LUST CAUTIONCôte sexe : CHAUD BOUILLANT
L’histoire : En Chine, sous l'occupation Japonaise, pendant la Seconde guerre mondiale, une jeune étudiante (Tang Wei, magnifique), qui rêve de devenir actrice, est recrutée par le chef d’un groupe militant (Wang Leehom, nouvelle égérie popstar) pour interpréter le rôle de sa vie: séduire un homme de pouvoir (Tony Leung, inquiétant) qui collabore avec les autorités japonaises et user de sa séduction naturelle pour le démolir. Mais le cœur a ses raisons...

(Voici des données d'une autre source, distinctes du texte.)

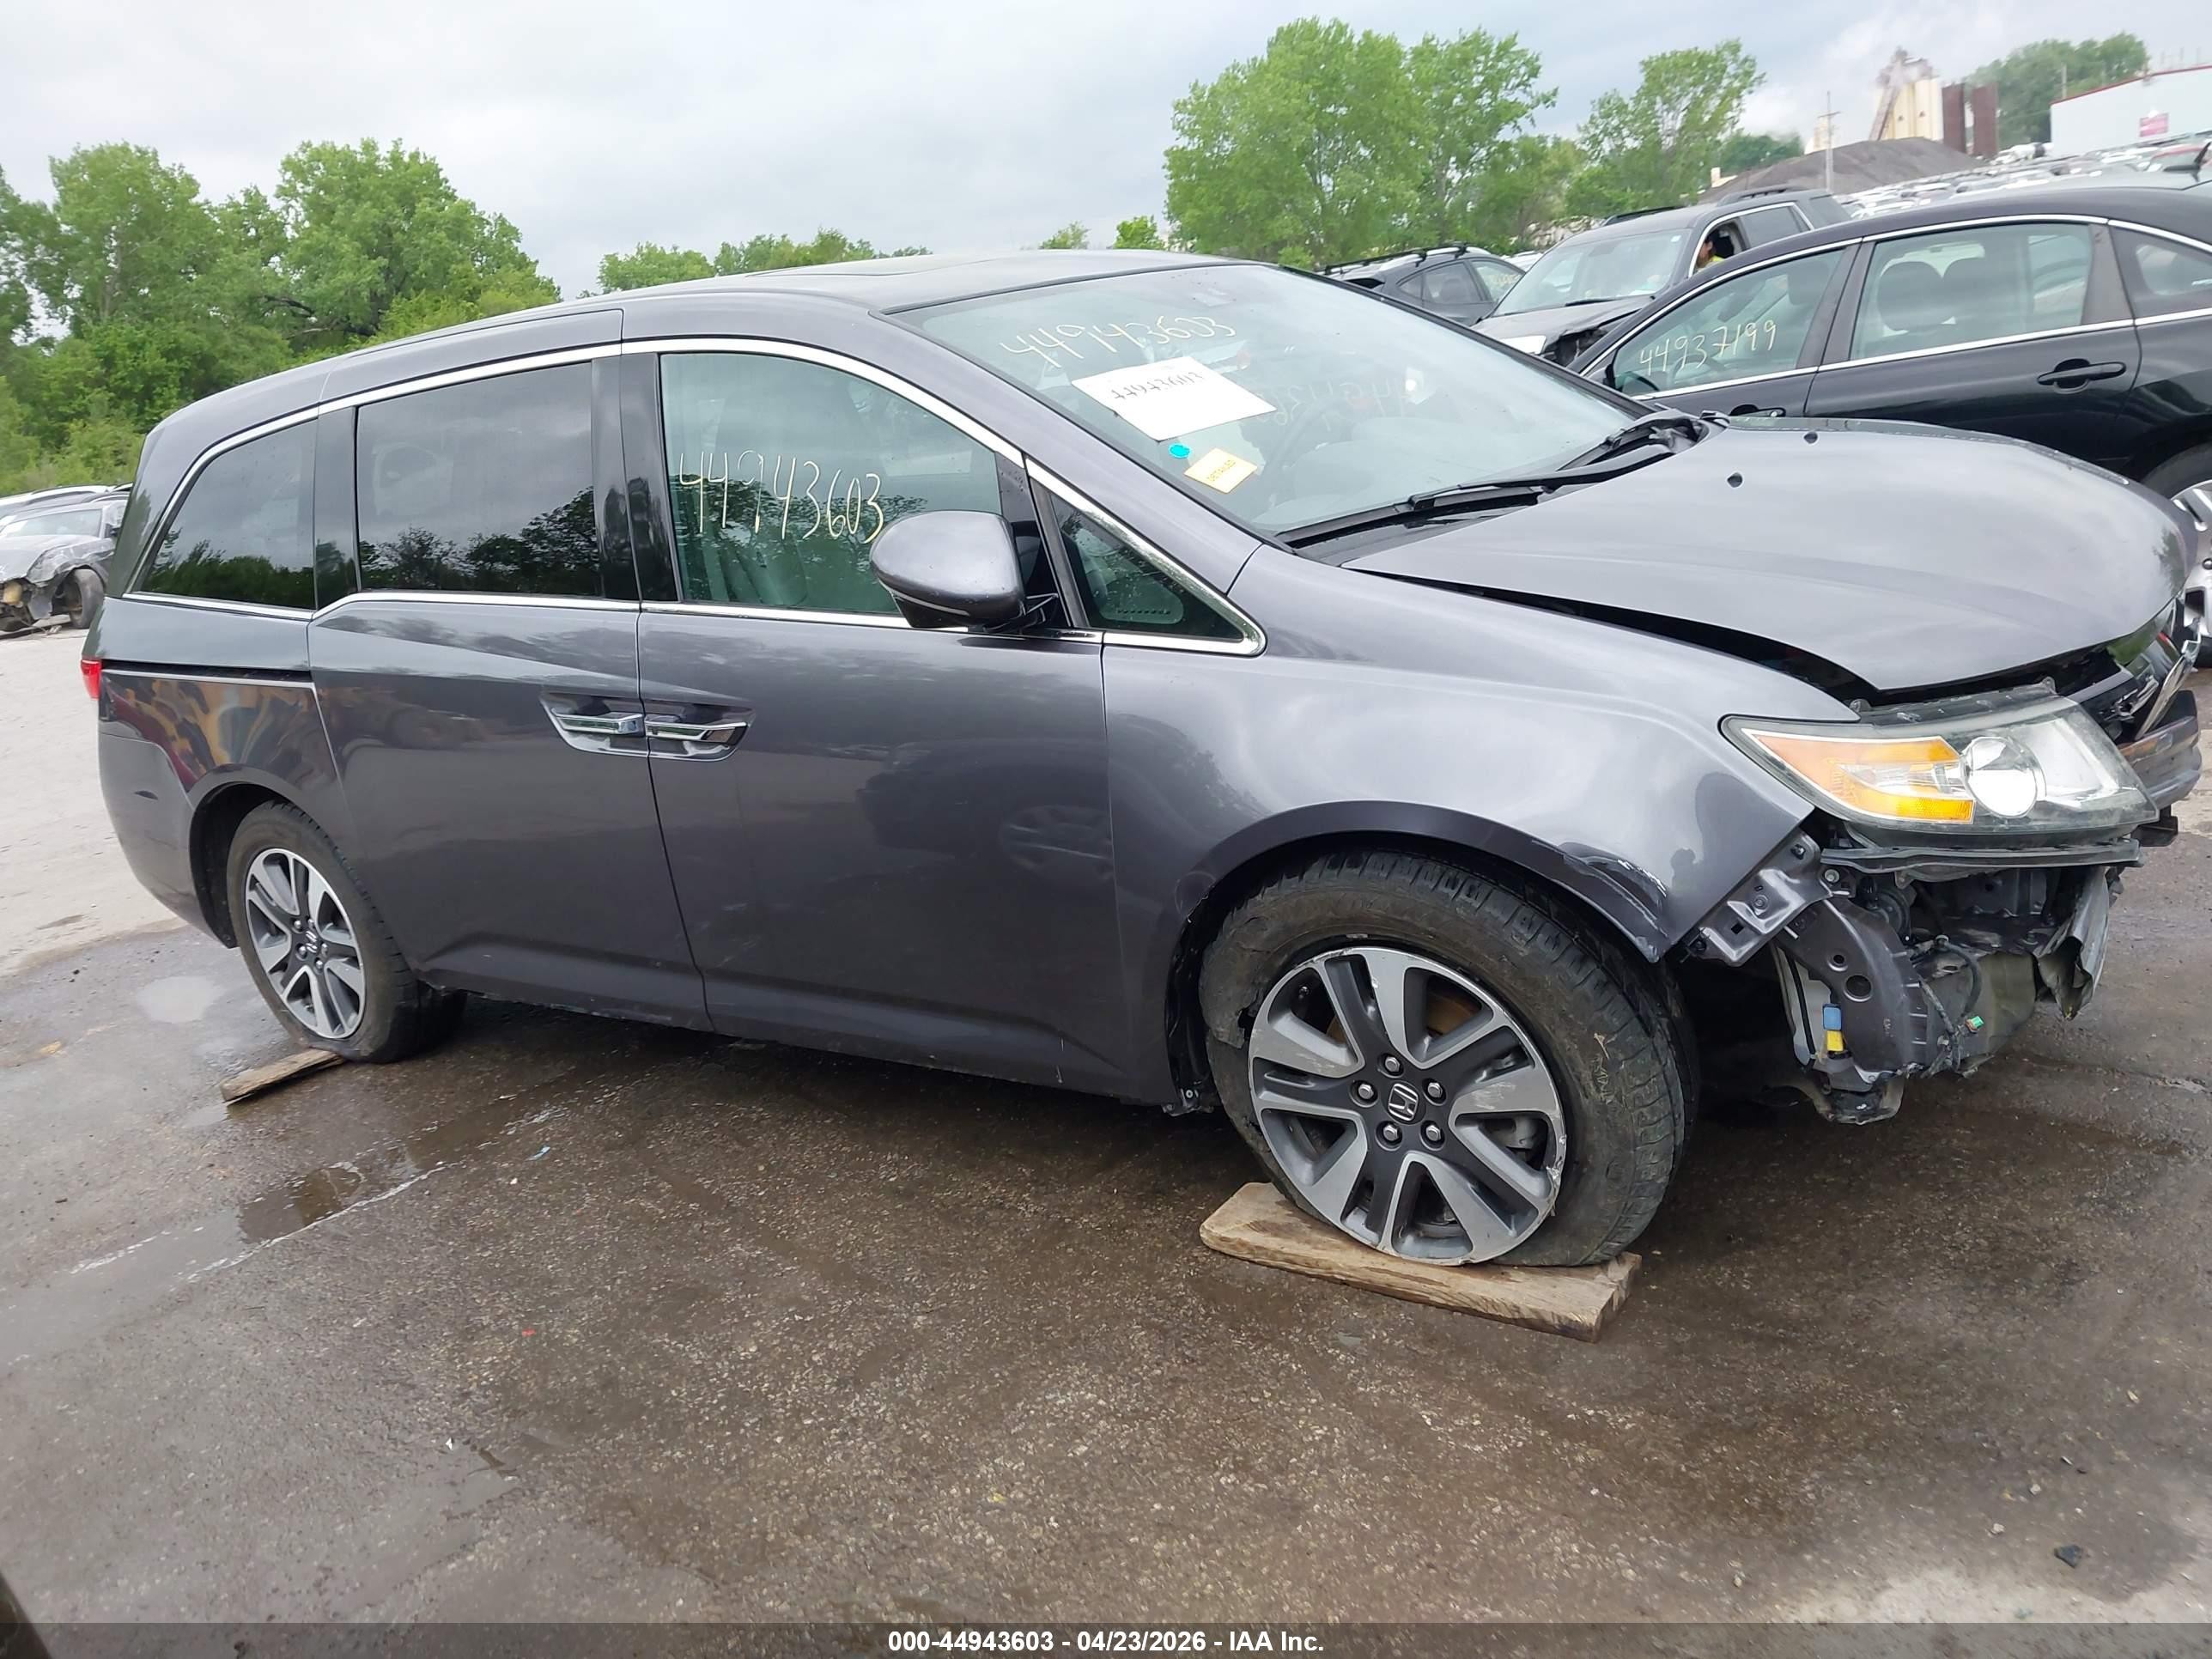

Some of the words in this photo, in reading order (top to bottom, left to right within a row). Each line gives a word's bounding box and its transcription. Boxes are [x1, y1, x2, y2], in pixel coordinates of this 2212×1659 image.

[1000, 316, 1236, 368] 44943603
[1639, 319, 1778, 376] 44937199
[678, 449, 884, 544] 44943603
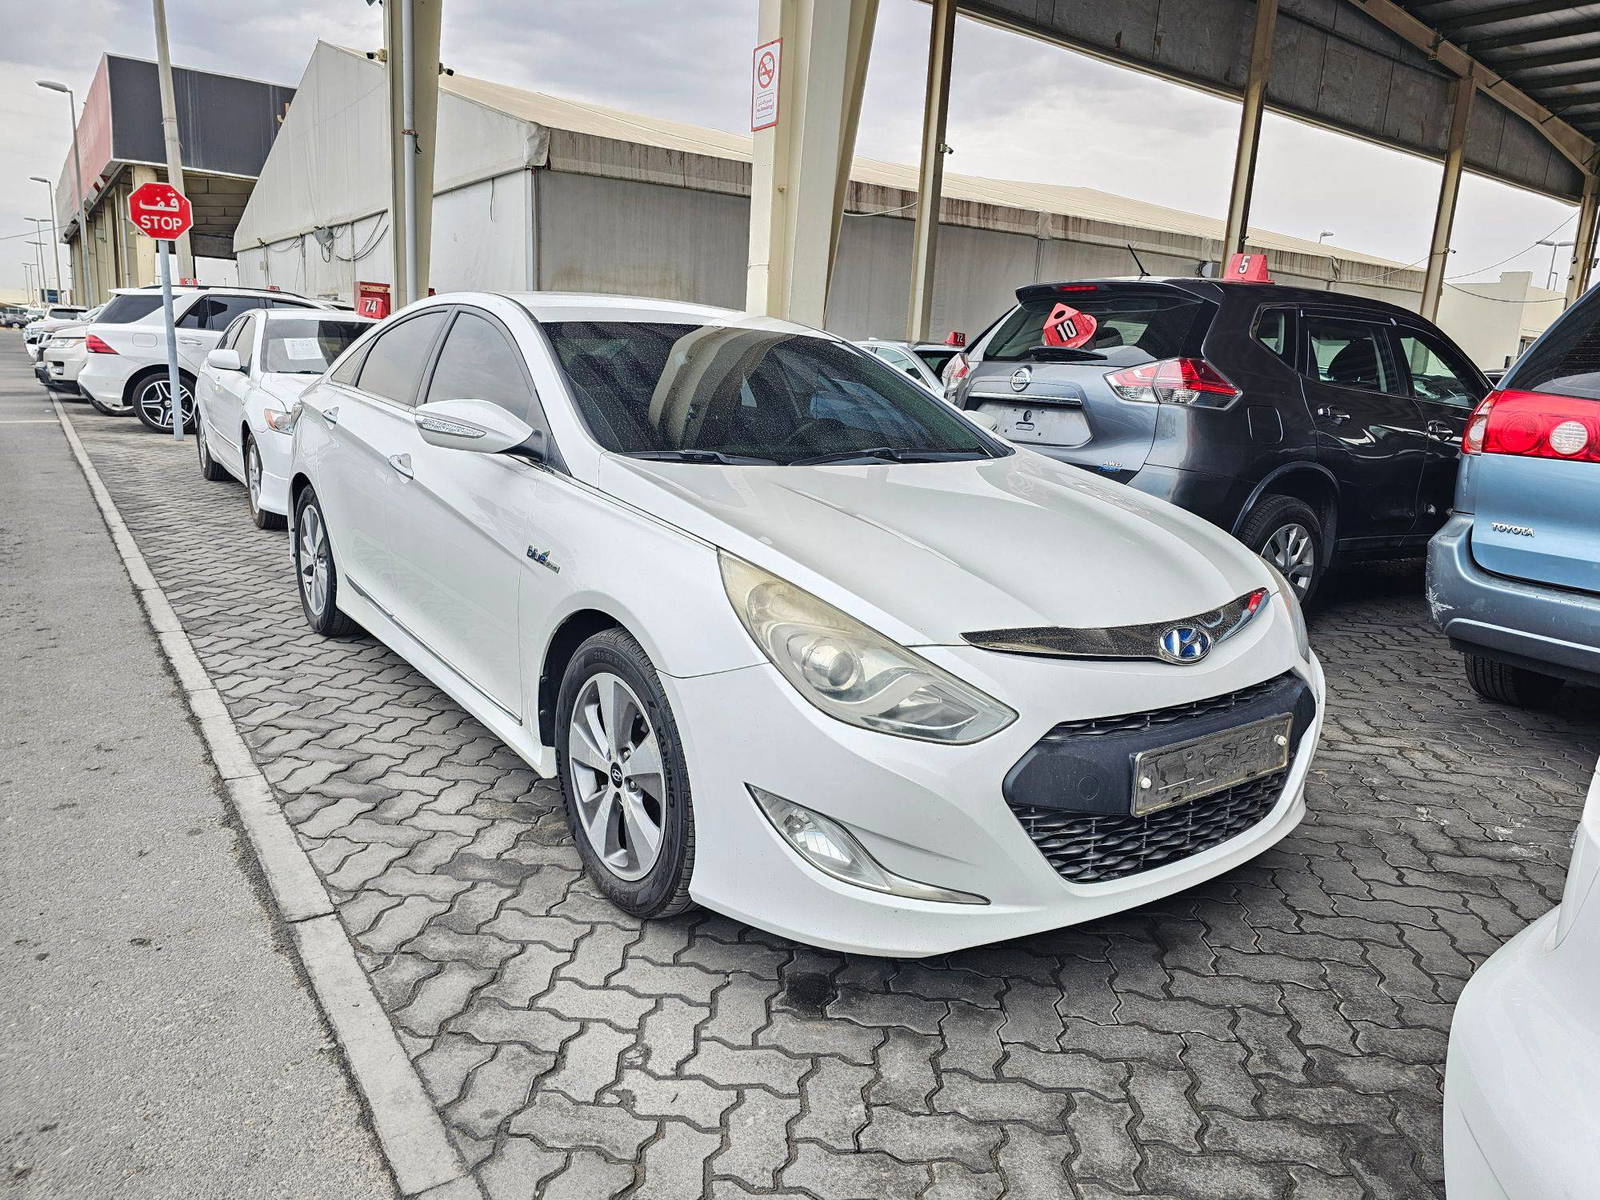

Sexe is good : Dans sa manière de radiographier la confusion des sentiments dans une période dangereuse et d’infiltrer une beauté dans le camp adverse pour qu’elle séduise le bourreau,
Lust, Caution n’est pas sans évoquer
Black Book, de Paul Verhoeven, qui sur le même sujet allait aussi loin. Ang Lee témoigne de la même maestria pour rendre l’invraisemblable vraisemblable, utilise les mêmes audaces formelles et assure le même discours (un meurtre filmé de manière ultra-réaliste rappelle que ceux qui agissent au nom du bien peuvent aussi être les pires), à défaut de posséder la même limpidité – contrepoint accessoire d’un film par ailleurs très dense. Reste ce très beau couple de cinéma, d’une élégance inouïe: Tony Leung, très ténébreux, et Tang Wei, très lumineuse, qui évoquent dans leurs retrouvailles inattendues (un échange de regard tranchant suffit à ramener le spectateur des années en arrière) et ses frasques sadomaso (guettez la fameuse scène de la "ceinture") les Dirk Bogarde et Charlotte Rampling de
Portier de Nuit. Que l’on se rassure:
Lust, Caution échappe à l’étiquette du film qui repose uniquement sur la performance de ses deux acteurs principaux habités. Et Dieu sait comme Bogarde et Rampling faisaient des efforts surhumains pour défendre un film "scandaleux" qui sans eux n’avait aucun intérêt. C’est d’ailleurs ce qui rendait le précipité crapoteux de Liliana Cavani fascinant. Le bon point, c’est qu’au-delà de tout, on pense plus aux fresques tragiques d’un Visconti jusque dans l’épreuve du temps qui transforme les personnages et les choix cornéliens et sacrificiels qu’ils sont amenés à prendre. Envers et contre tous.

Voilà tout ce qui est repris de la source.